Your copy must hold all of the data below, unchanged and without images.

Content starts

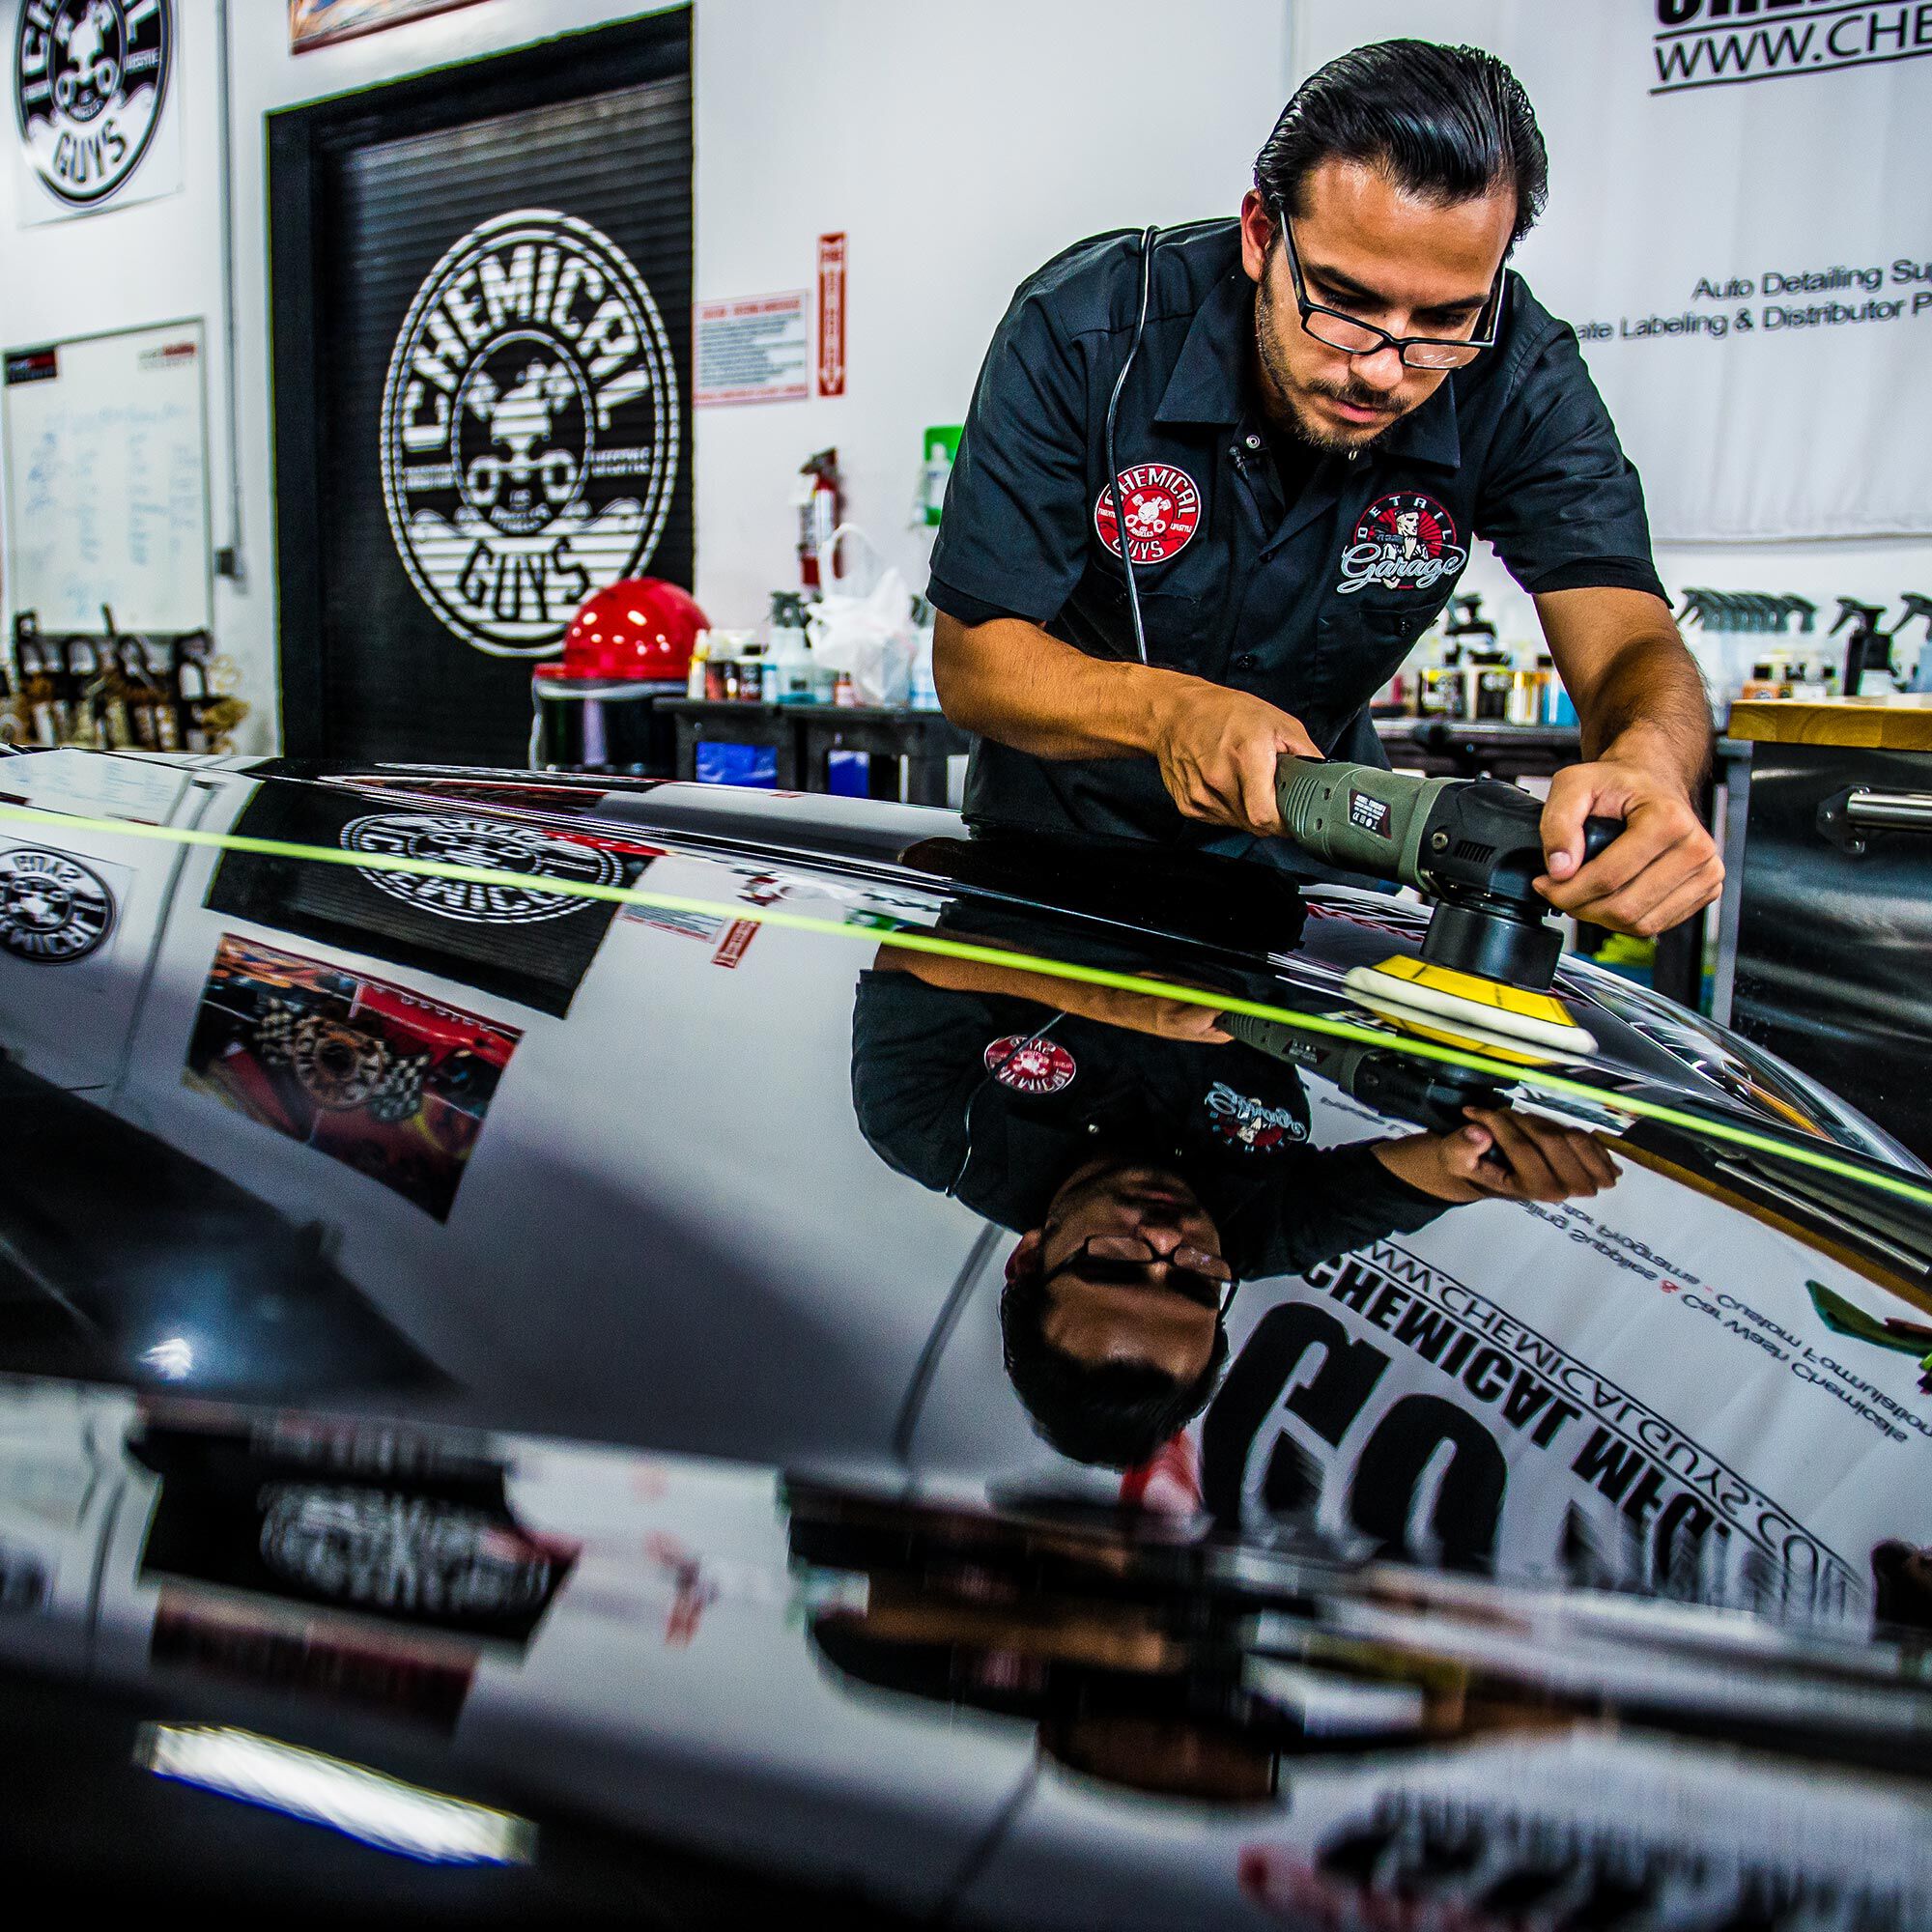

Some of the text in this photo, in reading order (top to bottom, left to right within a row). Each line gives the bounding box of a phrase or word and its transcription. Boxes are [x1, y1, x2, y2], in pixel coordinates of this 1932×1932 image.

[53, 119, 127, 184] GUYS
[1690, 277, 1755, 302] Auto
[1760, 266, 1883, 296] Detailing
[1619, 312, 1730, 340] Labeling
[1735, 306, 1754, 333] &
[1761, 298, 1908, 331] Distributor
[402, 244, 650, 452] CHEMICAL
[1357, 496, 1452, 541] DETAIL
[459, 537, 590, 621] GUYS
[1337, 542, 1467, 593] Garage
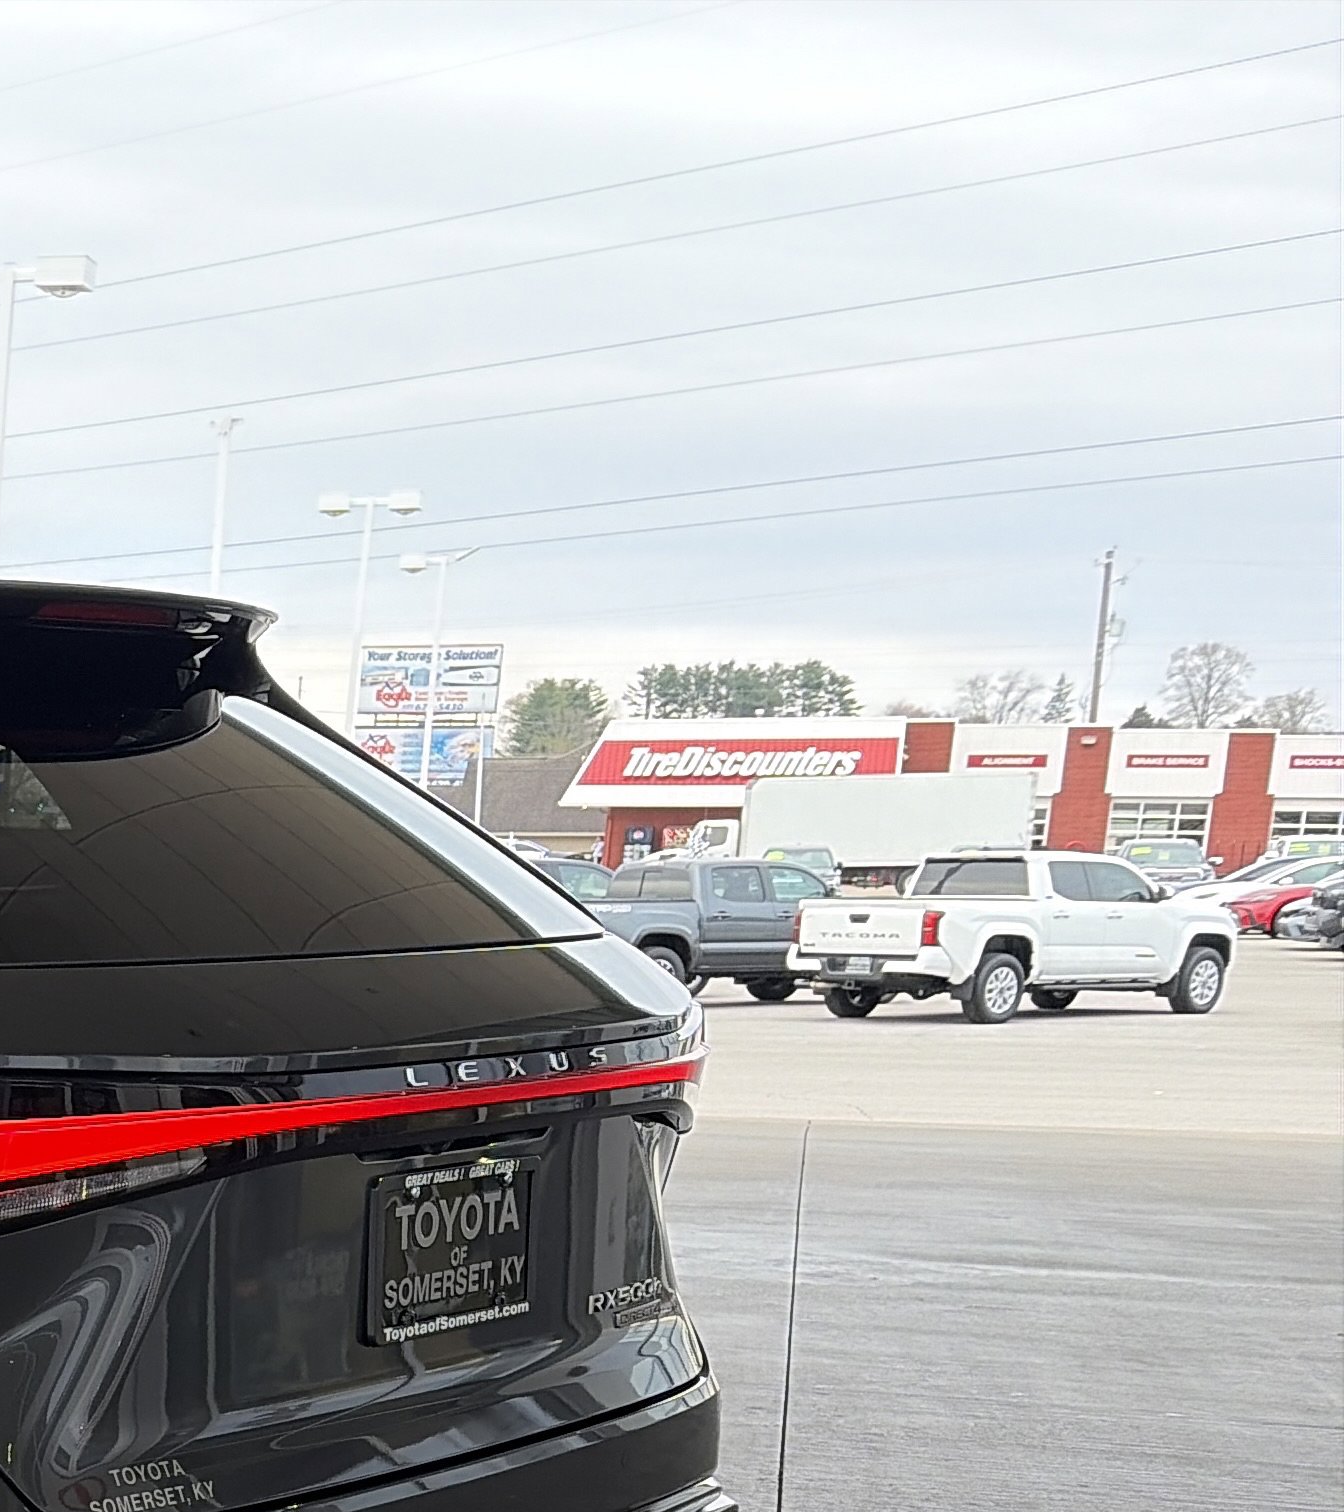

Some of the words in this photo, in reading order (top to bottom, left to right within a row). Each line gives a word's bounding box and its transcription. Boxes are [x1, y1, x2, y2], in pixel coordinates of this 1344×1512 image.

[367, 650, 393, 662] Your
[395, 650, 441, 663] Storag
[443, 648, 498, 660] Solution!
[1132, 757, 1164, 766] BRAKE
[1166, 757, 1205, 766] SERVICE
[819, 931, 901, 939] TACOMA
[405, 1046, 609, 1088] LEXUS
[405, 1172, 431, 1189] GREAT
[469, 1164, 493, 1179] GREAT
[395, 1187, 520, 1250] TOYOTA
[451, 1245, 468, 1267] OF
[384, 1260, 495, 1309] SOMERSET,
[500, 1254, 526, 1287] KY
[383, 1301, 530, 1343] ToyotaofSomerset.com
[108, 1459, 186, 1487] TOYOTA
[192, 1480, 214, 1501] KY

Content ends

* **YOUR RESPONSE**:
Some of the text in this photo, in reading order (top to bottom, left to right within a row). Each line gives the bounding box of a phrase or word and its transcription. Boxes are [x1, y1, x2, y2], in pixel coordinates of this 1932×1932 image.

[53, 119, 127, 184] GUYS
[1690, 277, 1755, 302] Auto
[1760, 266, 1883, 296] Detailing
[1619, 312, 1730, 340] Labeling
[1735, 306, 1754, 333] &
[1761, 298, 1908, 331] Distributor
[402, 244, 650, 452] CHEMICAL
[1357, 496, 1452, 541] DETAIL
[459, 537, 590, 621] GUYS
[1337, 542, 1467, 593] Garage

Some of the words in this photo, in reading order (top to bottom, left to right within a row). Each line gives a word's bounding box and its transcription. Boxes are [x1, y1, x2, y2], in pixel coordinates of this 1344×1512 image.

[367, 650, 393, 662] Your
[395, 650, 441, 663] Storag
[443, 648, 498, 660] Solution!
[1132, 757, 1164, 766] BRAKE
[1166, 757, 1205, 766] SERVICE
[819, 931, 901, 939] TACOMA
[405, 1046, 609, 1088] LEXUS
[405, 1172, 431, 1189] GREAT
[469, 1164, 493, 1179] GREAT
[395, 1187, 520, 1250] TOYOTA
[451, 1245, 468, 1267] OF
[384, 1260, 495, 1309] SOMERSET,
[500, 1254, 526, 1287] KY
[383, 1301, 530, 1343] ToyotaofSomerset.com
[108, 1459, 186, 1487] TOYOTA
[192, 1480, 214, 1501] KY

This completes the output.